For Cincinnati patients who struggle with taking HIV meds every day, a monthly shot is looking like a seriously attractive alternative.
University of Cincinnati clinicians helped run a national trial that found long-acting injectable HIV therapy kept people on treatment more reliably than daily pills. The phase 3 LATITUDE trial reported substantially lower rates of "regimen failure" among participants who switched to monthly injections of cabotegravir plus rilpivirine compared with those who stayed on standard daily oral antiretroviral therapy. Full results landed this month in the New England Journal of Medicine.
Study Details And Numbers
According to the New England Journal of Medicine, LATITUDE enrolled 453 people in an initial phase focused on achieving viral suppression. Of those, 306 participants who got their virus under control were moved into Step 2 of the study: 152 were switched to monthly long-acting injections and 154 continued taking standard oral ART.
By week 48, the cumulative incidence of regimen failure was 22.8% in the injectable group compared with 41.2% in the oral-therapy group (difference 6.4 percentage points; P = 0.002). The gap was strong enough that the trial stopped randomizing people early in Step 2.
What Cincinnati Researchers Say
"This is a paradigm-shifting study," said Carl Fichtenbaum, MD, an author on the paper and an endowed professor at the University of Cincinnati. He noted that an intermittent, clinic-administered approach removes the daily reminder of pills and can help blunt stigma that still clings to HIV.
The University of Cincinnati reports it was the leading U.S. enrolling site, contributing 32 of the trial's 453 participants.
Why The Trial Was Stopped Early
Industry and trial organizers say an independent data-safety monitoring board recommended halting randomization after interim analyses showed a clear benefit from the injections. At that point, eligible participants were offered the long-acting regimen, according to ViiV Healthcare.
The sponsor and the ACTG framed the outcome as evidence that a long-acting option can reach people whose lives or circumstances make daily pills a poor fit.
Safety And Resistance Questions
The overall rate of adverse events was similar between the two groups, but investigators did see resistance-associated mutations in a small number of participants in each arm. That detail will need careful monitoring and follow-up, the authors cautioned in the New England Journal of Medicine.
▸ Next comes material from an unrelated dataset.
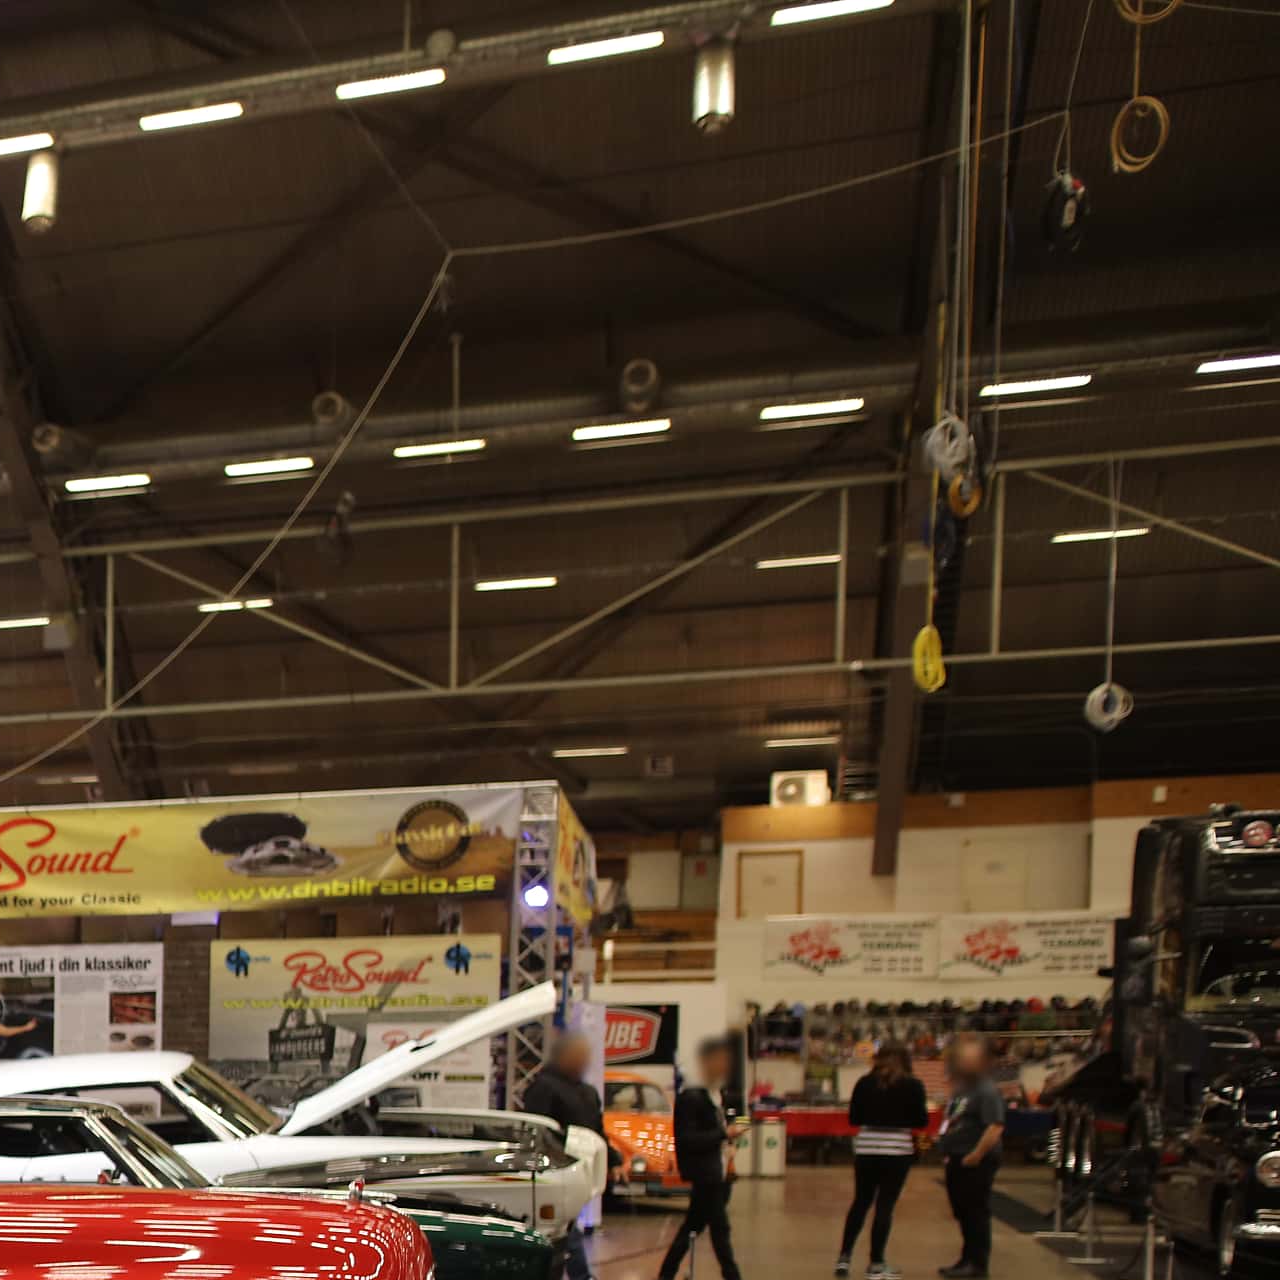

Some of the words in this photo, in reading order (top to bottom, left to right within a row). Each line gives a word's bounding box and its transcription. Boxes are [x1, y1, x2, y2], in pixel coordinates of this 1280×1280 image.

Clinicians and advocates say the real test will be outside the controlled setting of a trial. Access to clinics, reliable follow-up for missed injections and local clinic capacity will all influence whether this strategy works in everyday practice.
Access And What Comes Next
Cabotegravir plus rilpivirine, sold as Cabenuva, is already approved as a long-acting complete regimen for certain patients. Researchers say LATITUDE's results could widen the group of people who might benefit from the shots, but they stress that real-world rollout will not be simple, according to ViiV Healthcare.
The study was funded in part by the NIH and conducted by the ACTG. Investigators say they will be watching longer-term follow-up and real-world implementation data to understand how durable the benefits are and how well clinics can make this option work for patients who need it most.